▸ **SUPPLIED MATERIAL**:

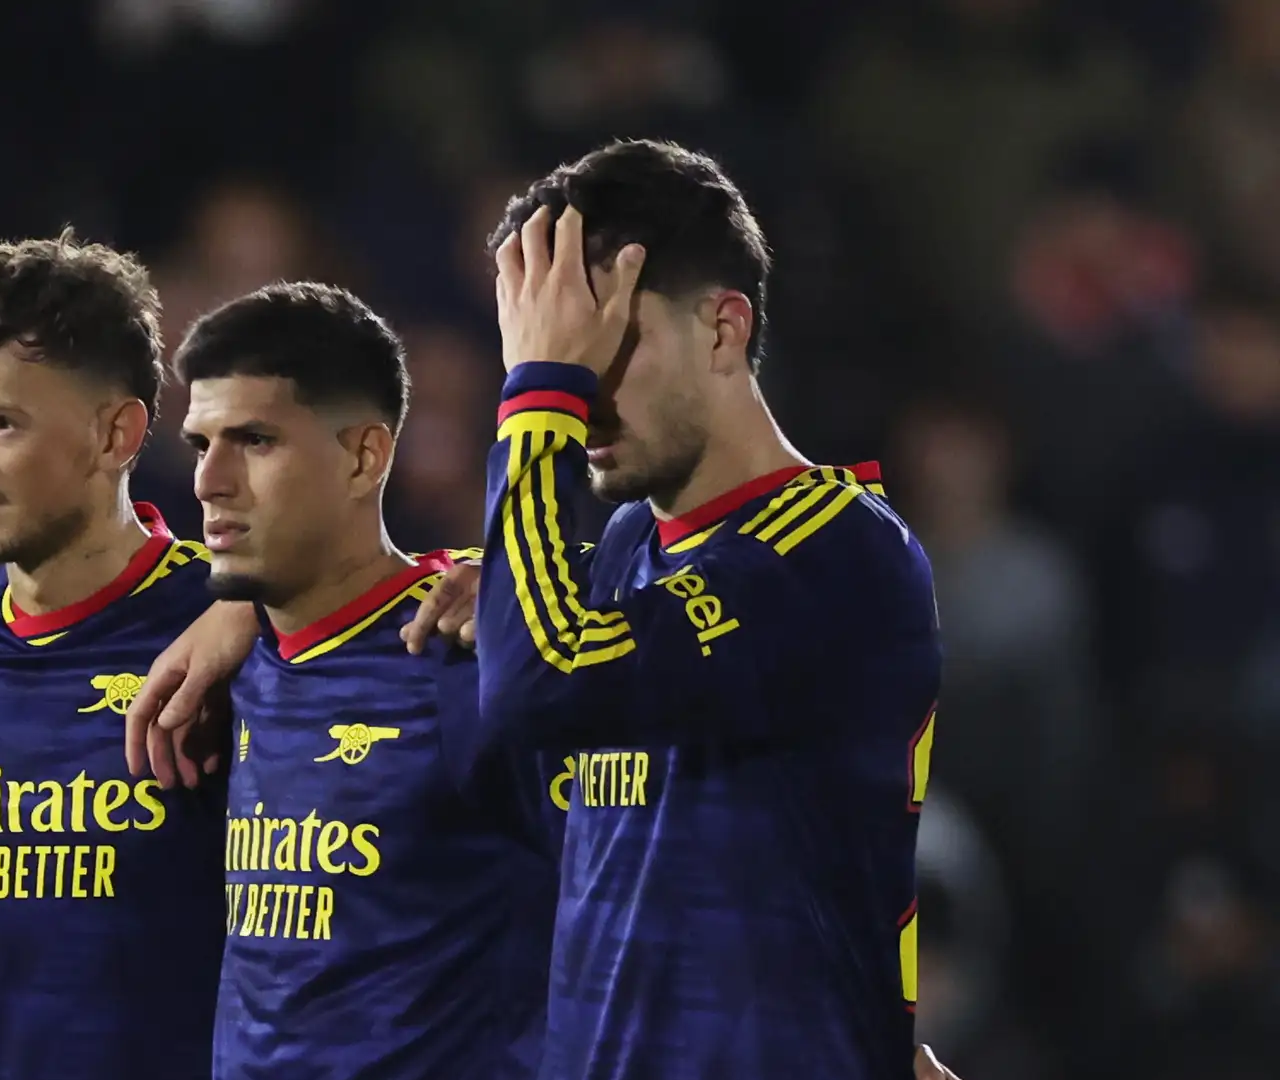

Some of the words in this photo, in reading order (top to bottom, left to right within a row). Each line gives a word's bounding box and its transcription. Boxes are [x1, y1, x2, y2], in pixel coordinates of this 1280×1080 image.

[655, 564, 740, 657] eel.
[225, 801, 382, 876] mirates
[239, 883, 335, 940] BETTER
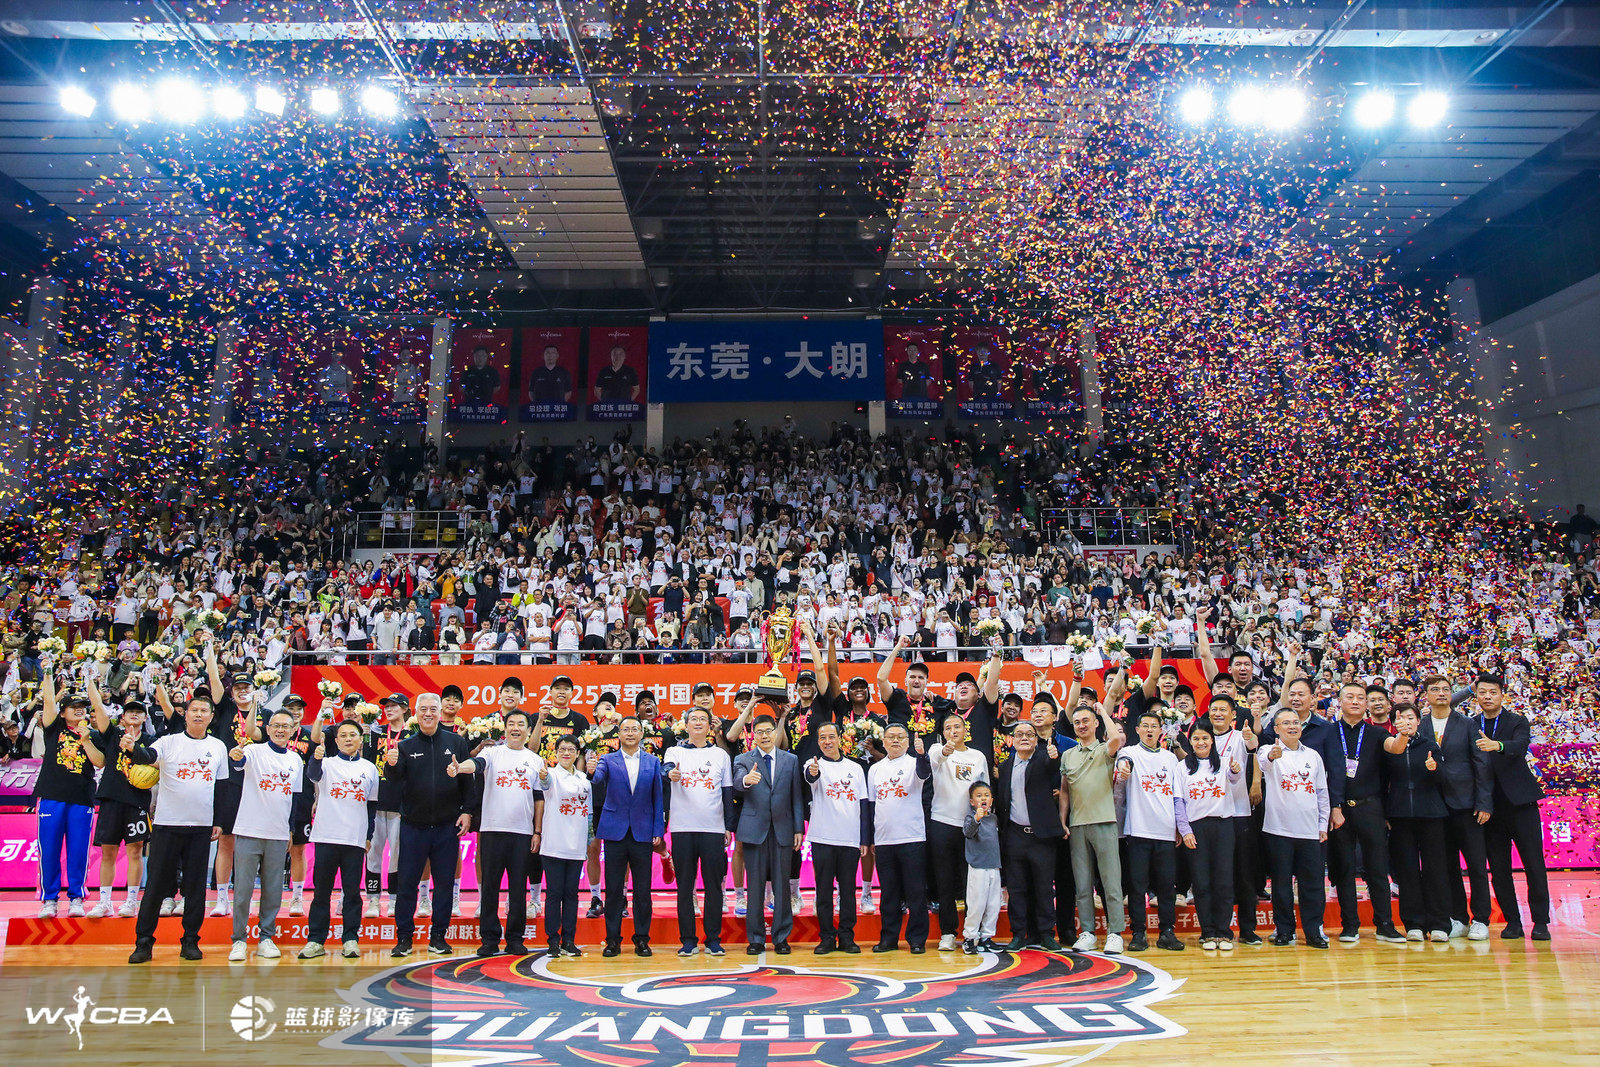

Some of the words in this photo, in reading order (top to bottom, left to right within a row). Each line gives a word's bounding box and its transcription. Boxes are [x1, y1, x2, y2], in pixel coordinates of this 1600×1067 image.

▸ **REQUIRED ACTION**: The copy you return must match the records above exactly, minus any images.

▸ **SOLVED PROBLEM**:
Some of the words in this photo, in reading order (top to bottom, left to right within a row). Each line gives a word's bounding box and its transcription. Boxes are [x1, y1, x2, y2], in pixel coordinates of this 1280×1080 image.

[655, 564, 740, 657] eel.
[225, 801, 382, 876] mirates
[239, 883, 335, 940] BETTER

Some of the words in this photo, in reading order (top to bottom, left to right within a row). Each line gives a word's bounding box and its transcription. Boxes are [x1, y1, x2, y2], in pixel coordinates of this 1600×1067 image.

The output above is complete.